Manifesto of Futurist Woman (Let’s Conclude), 2008, 11’13’’
Neuer Berliner Kunstverein Video Forum, Alemania. www.nbk.org
The starting point for Chisa / Tkácovás's video is the concluding part of the Manifesto of Futurist Woman written 1912 by the French Futurist Valentine de Saint-Point, in which women are called upon to return to their instincts and exert their power over men. Chisa / Tkácová are staging and documenting a group of majorettes performing this concluding part in semaphore, the naval sign system. The artists are playing with multiple references and translations. Thus, the text of a writer who advocated the feminine rather than feminist culture is transmitted through a language that is only recognizable by a limited category of people and circumscribed to a slowly dying tradition, but which also belongs to one of the long-established male occupations in the same way that majorettes are seen as fulfilling the decorative role ascribed to women in conservative societies. Accentuating one's otherness, as the artists say, becomes in this case a deconstruction of alterity, in its different perceptions, and also a game of translation.
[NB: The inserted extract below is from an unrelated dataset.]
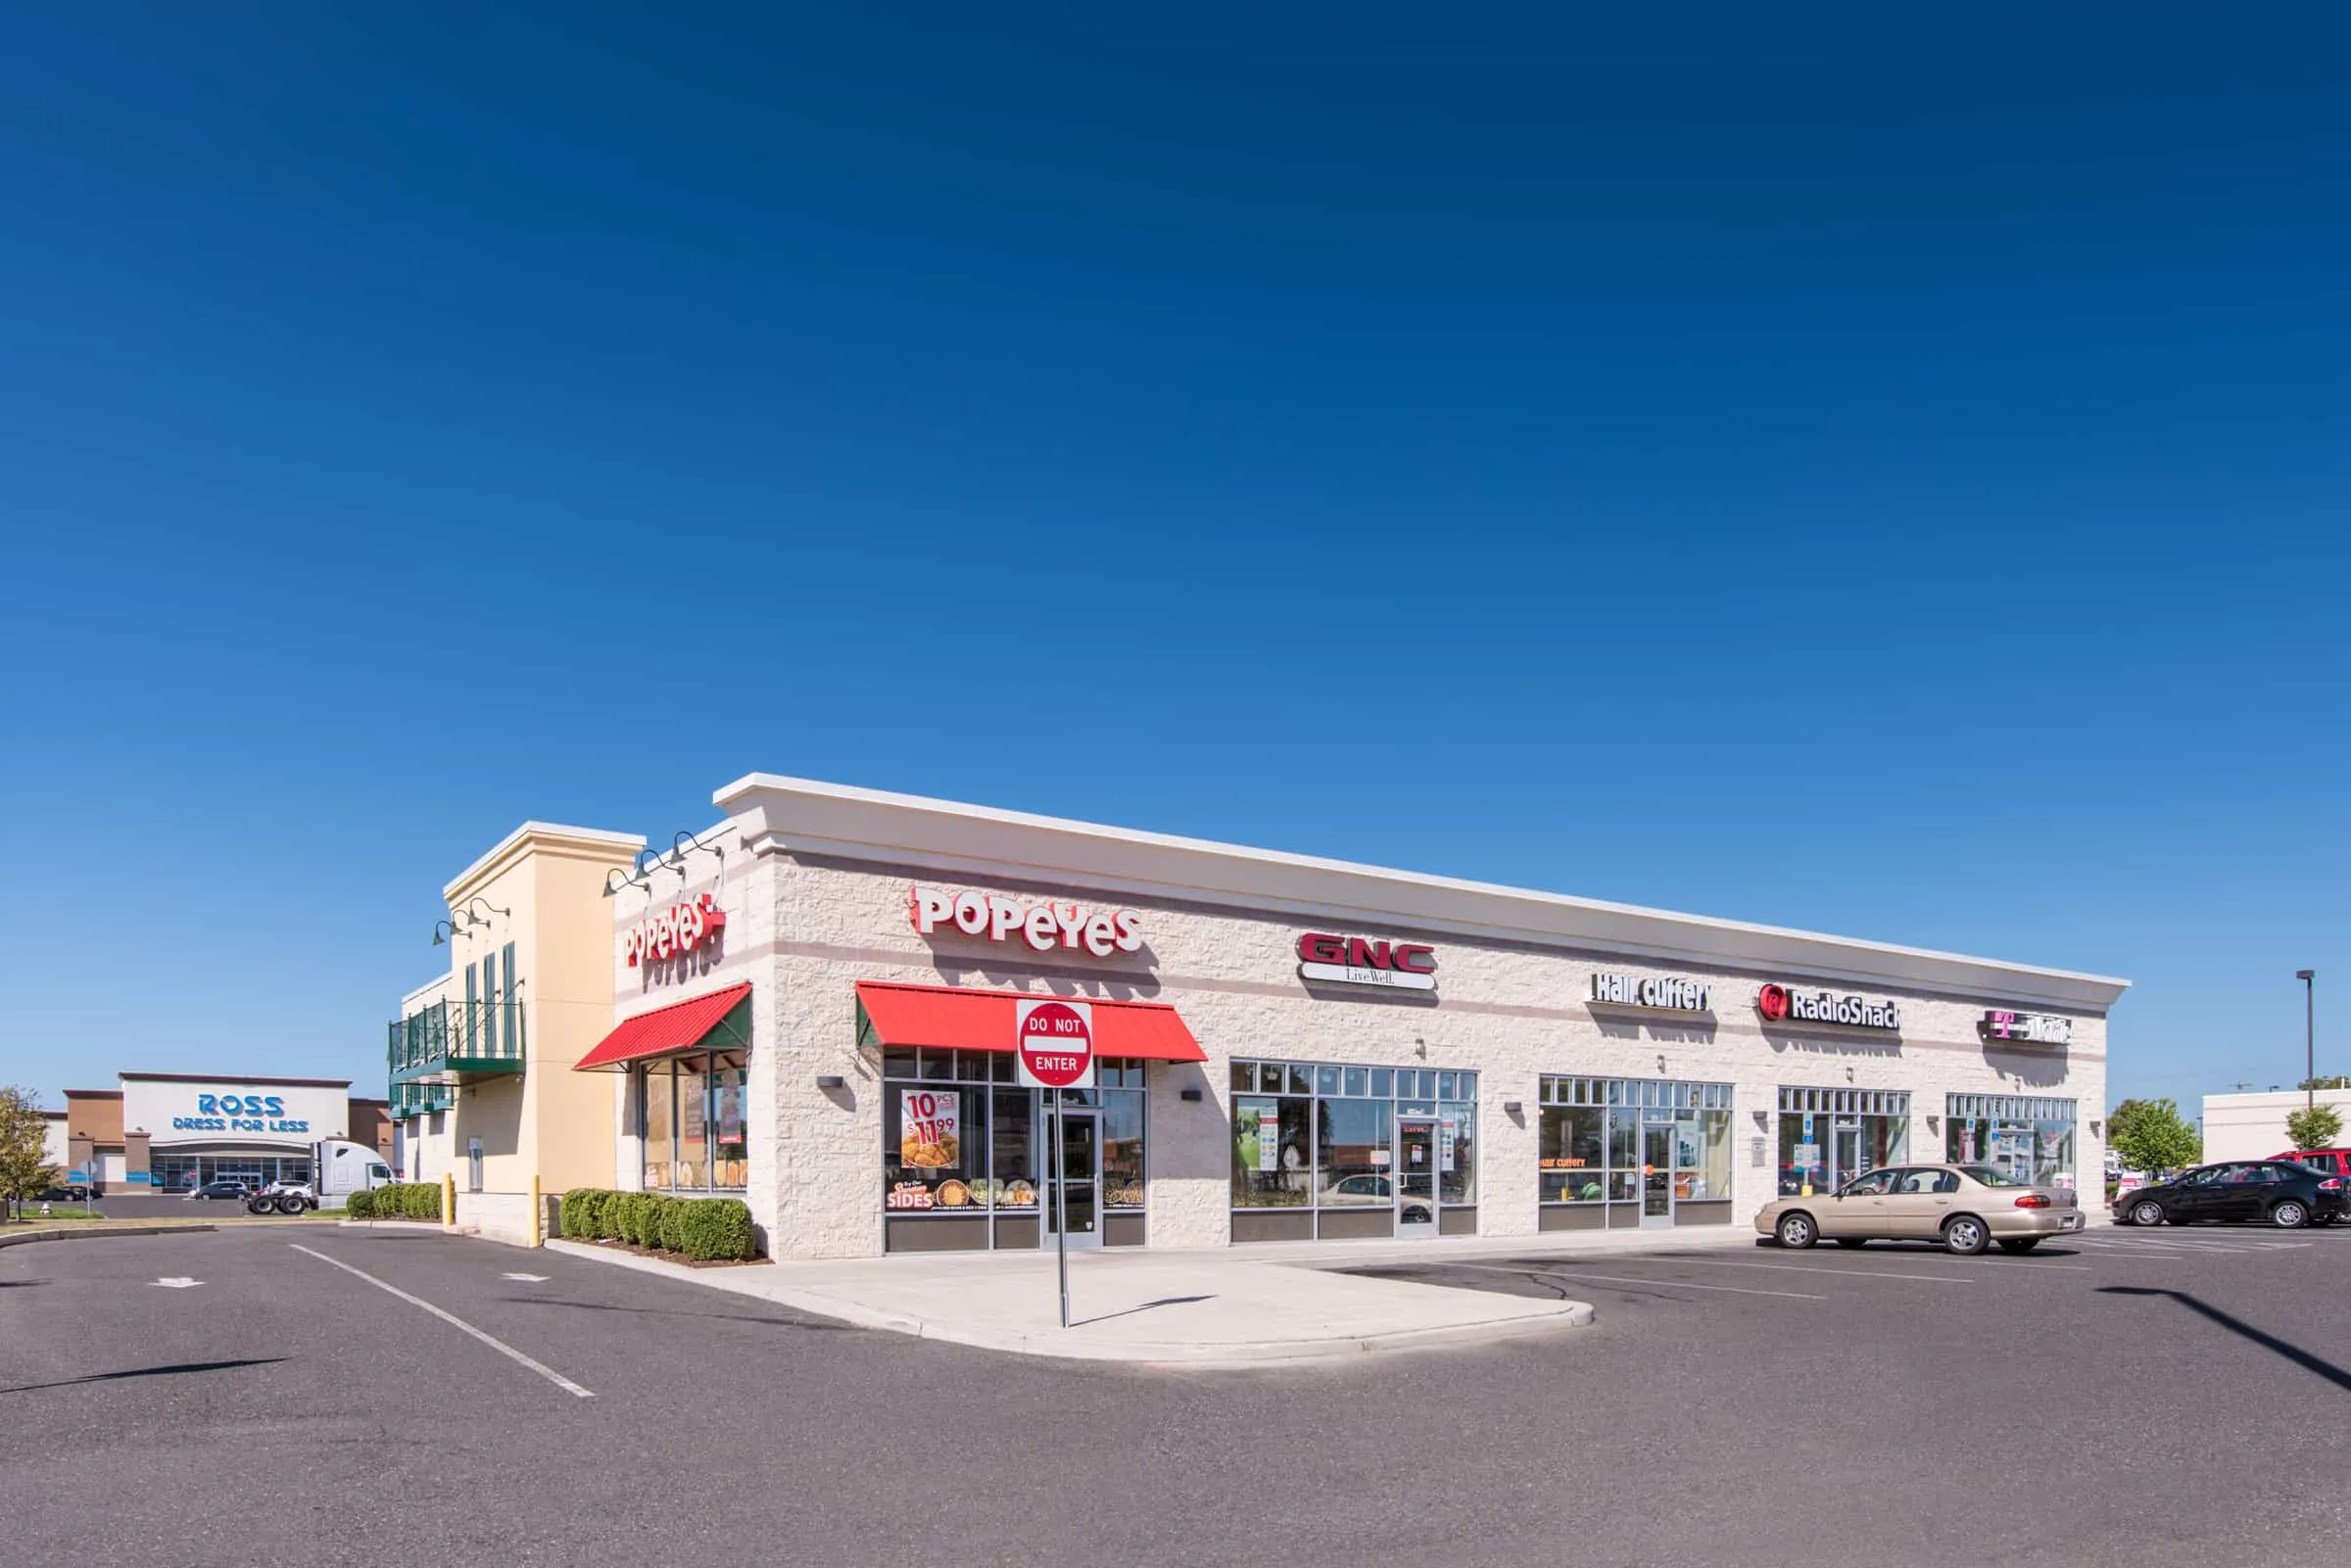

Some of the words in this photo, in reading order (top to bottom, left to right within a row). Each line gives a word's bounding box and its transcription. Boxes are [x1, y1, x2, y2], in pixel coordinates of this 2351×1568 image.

Anetta Mona Chişa (Romania, 1975) and Lucia Tkáčová (Slovakia, 1977) collaborate since 2000. They both graduated at the Academy of Fine Arts and Design of Bratislava and they currently live and work in Prague.
Through works of video, installation, performance and based on texts, the artists reflect on current issues, such as power systems and sexual hierarchies rooted in the world of art and socio-political realities. Raise questions on the subject of manipulation of consciences through the process of diffusion of knowledge, responsible for altering reality and its replacement by artificial constructions. Tkáčová and Chisa interpret art as a science of alchemy with the power to transform the social reality of the world.